(Stored records)
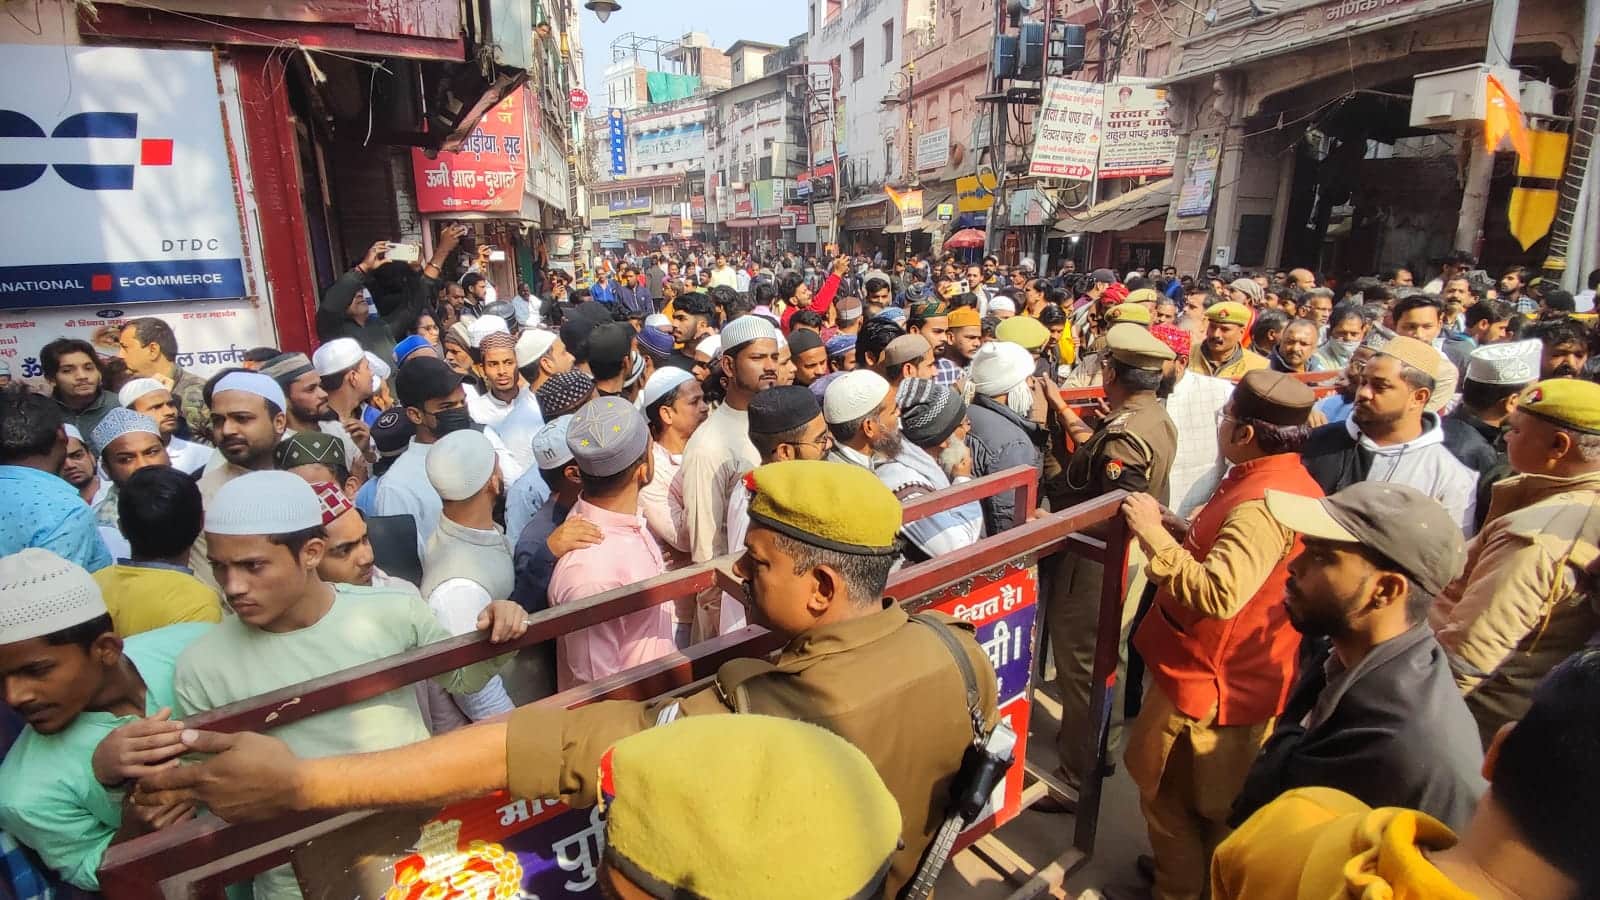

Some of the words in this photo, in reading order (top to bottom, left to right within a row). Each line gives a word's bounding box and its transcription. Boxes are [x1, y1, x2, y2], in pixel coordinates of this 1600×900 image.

[1109, 110, 1151, 119] सरदार
[503, 135, 521, 162] सूट
[424, 162, 449, 188] ऊनी
[162, 238, 219, 252] DTDC
[119, 273, 222, 288] E-COMMERCE
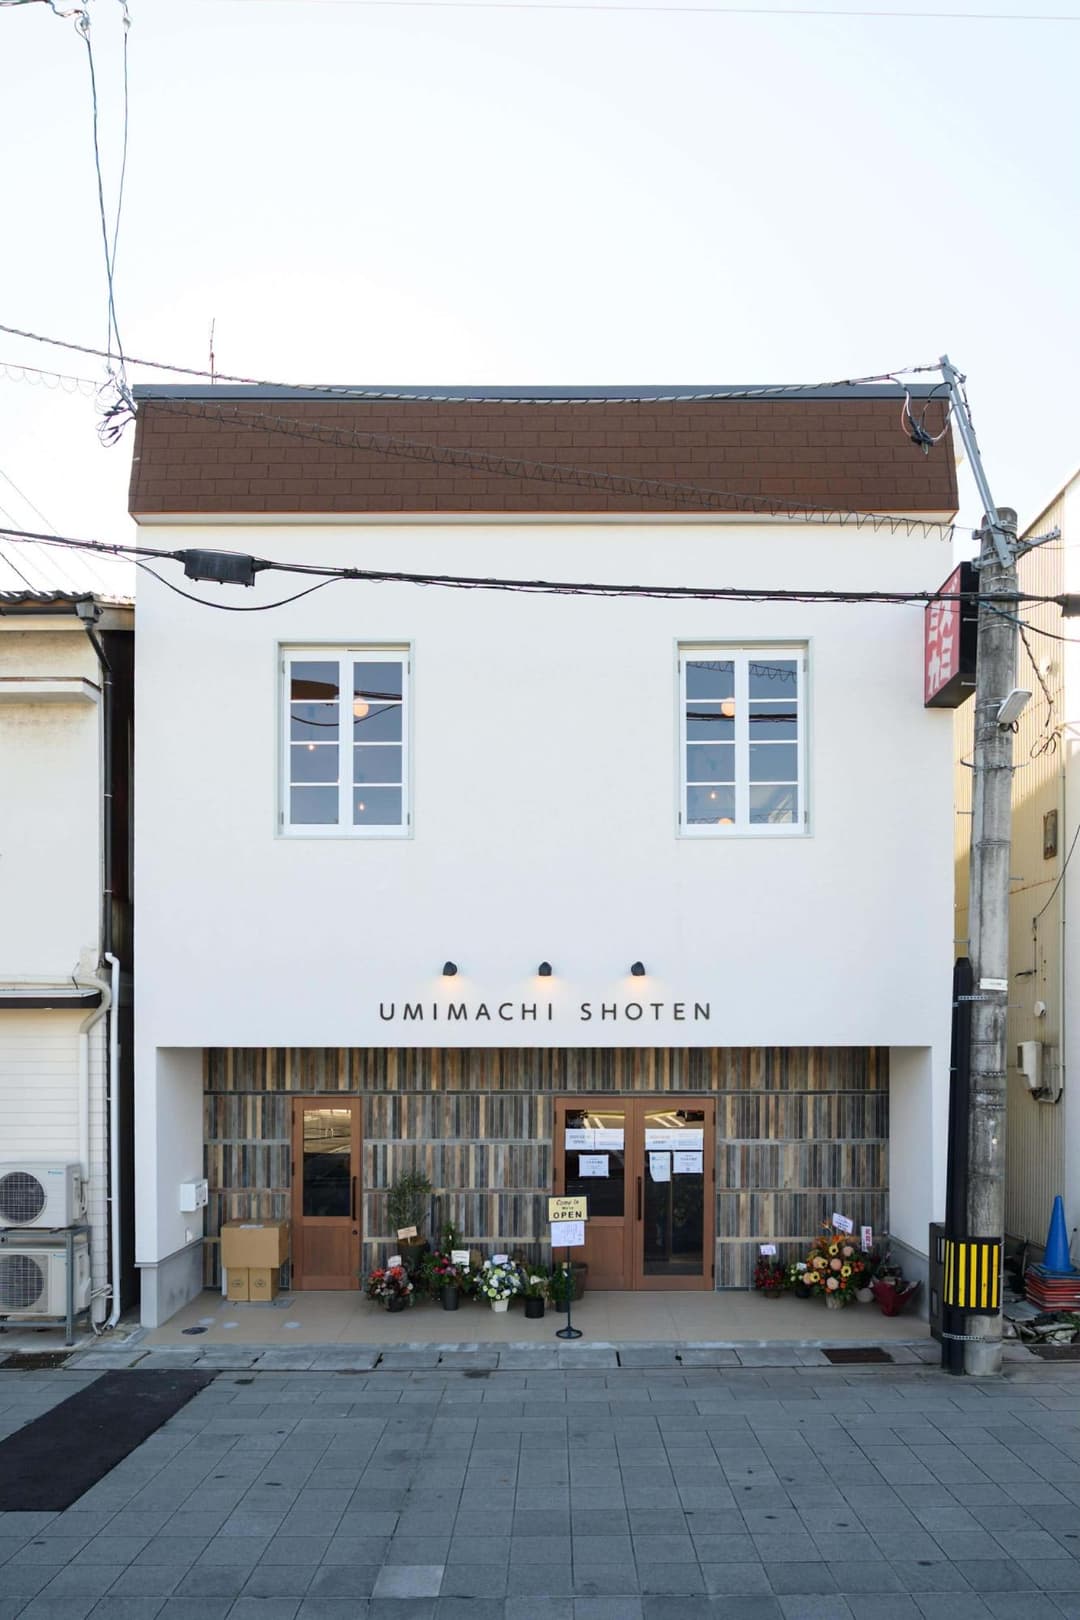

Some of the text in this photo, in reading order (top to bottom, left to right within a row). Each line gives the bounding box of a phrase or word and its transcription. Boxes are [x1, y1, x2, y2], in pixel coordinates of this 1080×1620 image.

[379, 1002, 711, 1021] UMIMACHI SHOTEN
[553, 1211, 582, 1219] OPEN
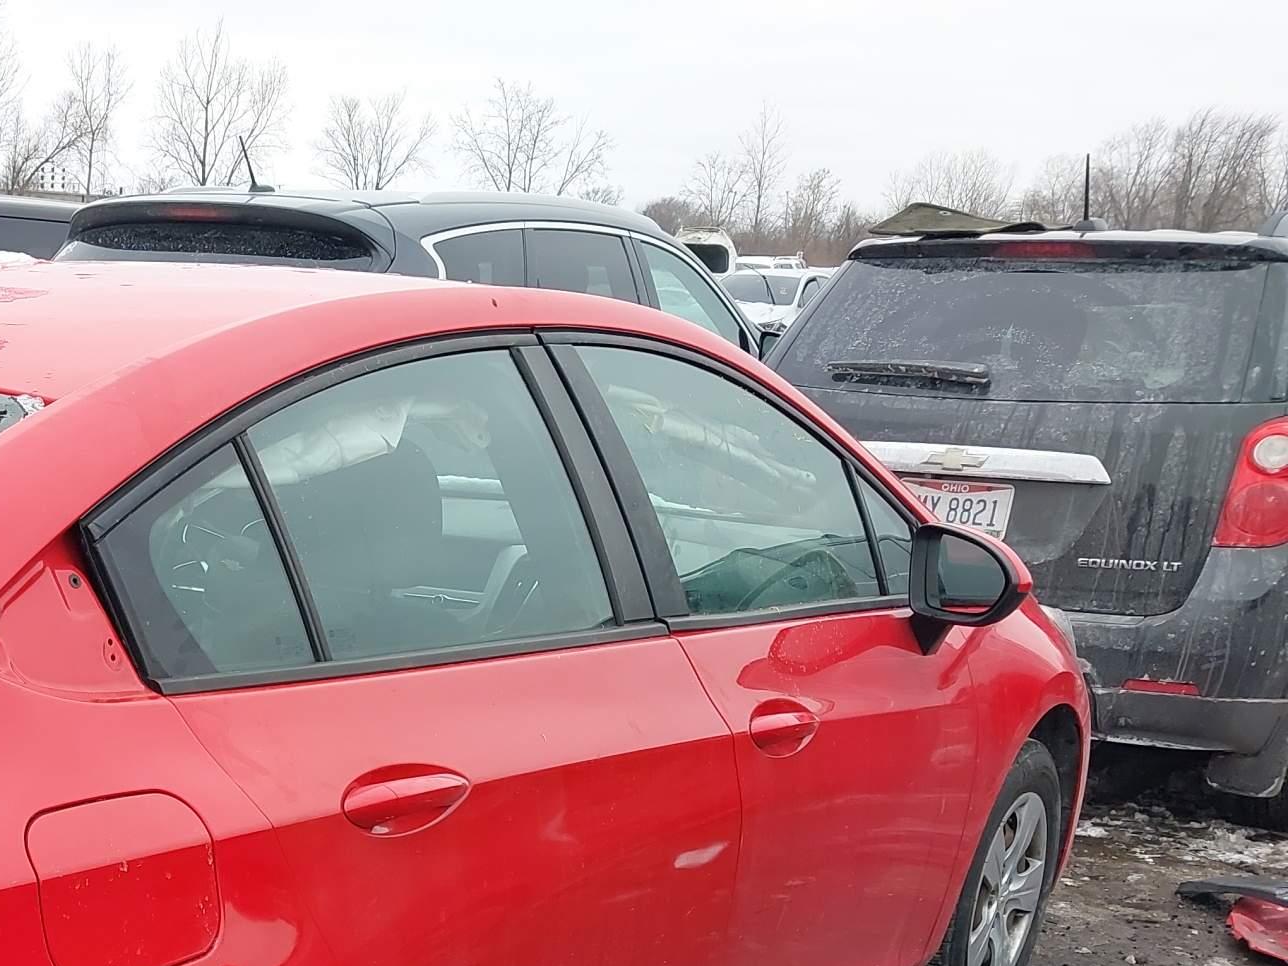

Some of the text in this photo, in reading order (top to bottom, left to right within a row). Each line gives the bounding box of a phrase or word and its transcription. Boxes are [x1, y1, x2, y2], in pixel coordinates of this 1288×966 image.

[941, 483, 970, 493] OHIO
[946, 497, 998, 527] 8821
[1077, 557, 1184, 572] EQUINOX LT
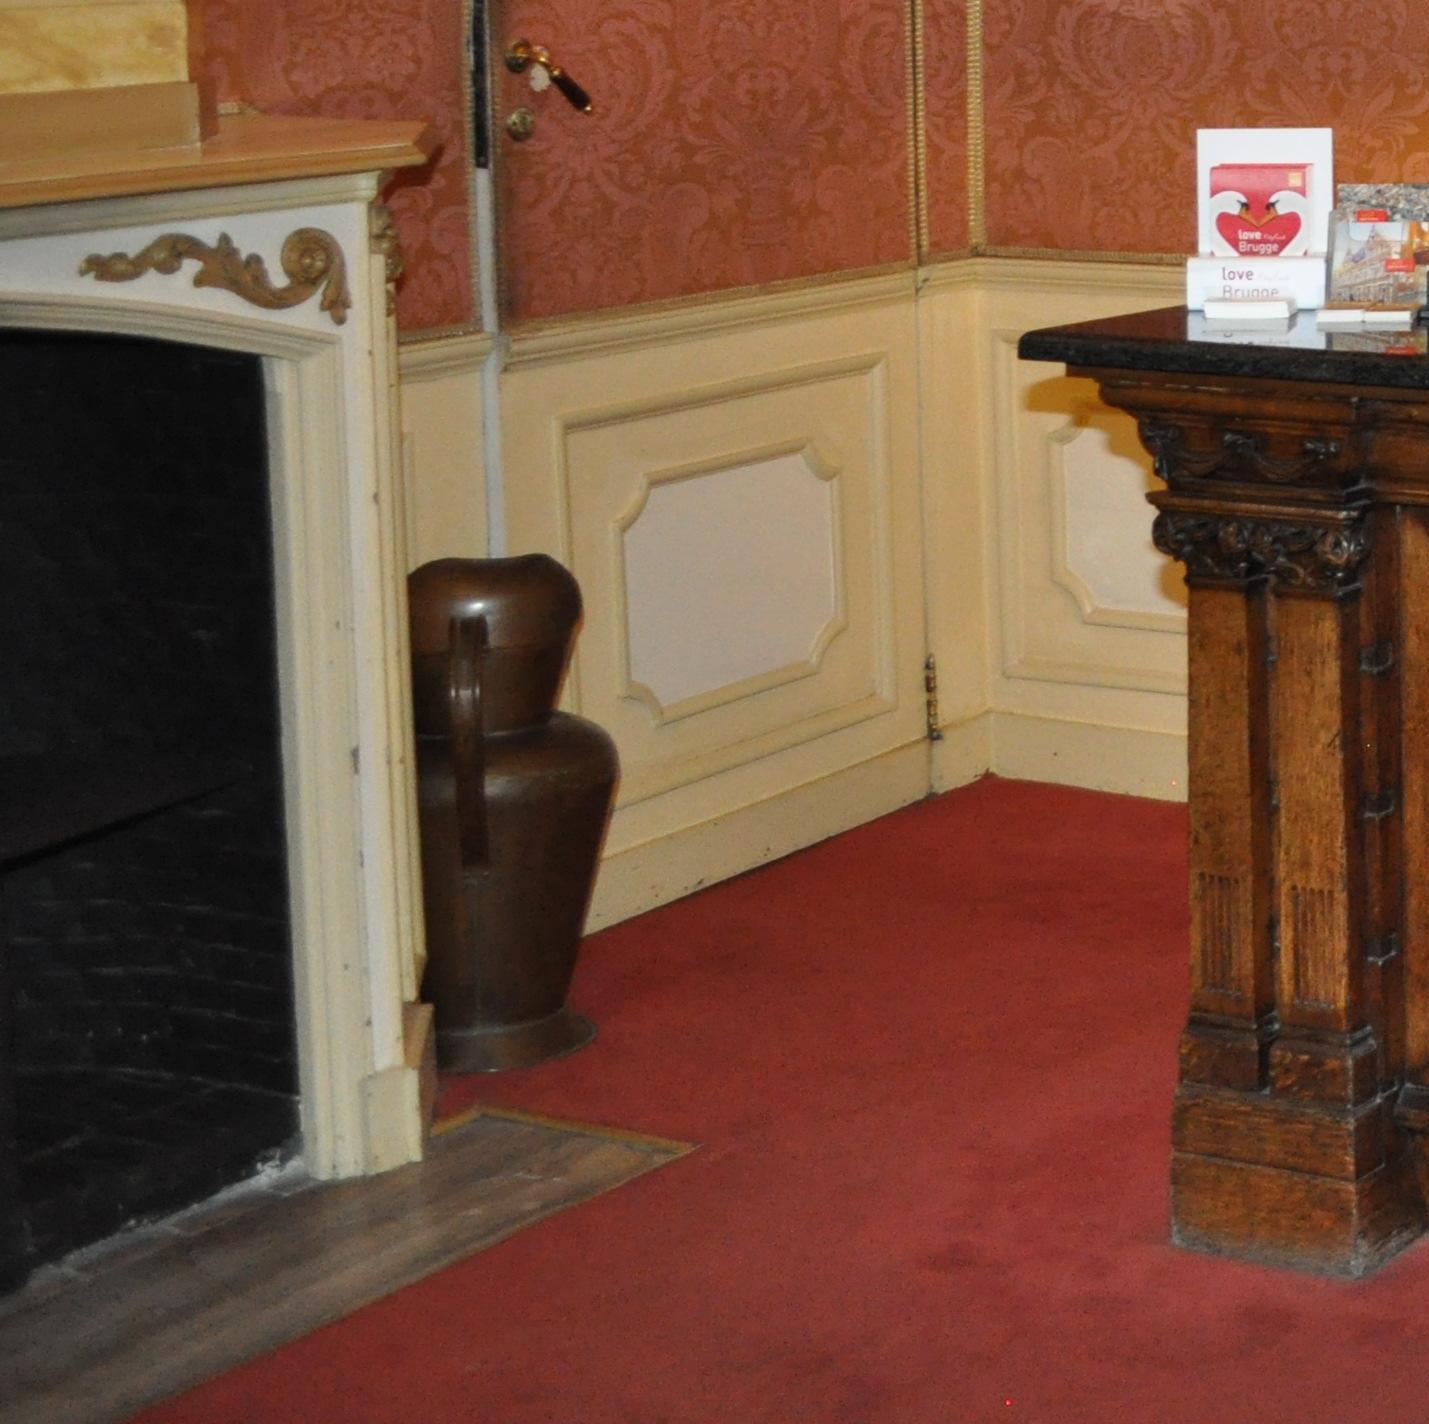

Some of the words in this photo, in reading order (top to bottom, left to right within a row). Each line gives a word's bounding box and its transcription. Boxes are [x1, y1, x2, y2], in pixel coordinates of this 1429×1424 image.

[1238, 229, 1262, 240] love
[1238, 241, 1280, 255] Brugge
[1222, 266, 1254, 281] love

EXERCISE DETAILS: Please set down, with no changes, the line that contains "this 1429×1424 image." and all the lines after it until the entries end; write nothing besides them.

TASK SOLUTION:
Some of the words in this photo, in reading order (top to bottom, left to right within a row). Each line gives a word's bounding box and its transcription. Boxes are [x1, y1, x2, y2], in pixel coordinates of this 1429×1424 image.

[1238, 229, 1262, 240] love
[1238, 241, 1280, 255] Brugge
[1222, 266, 1254, 281] love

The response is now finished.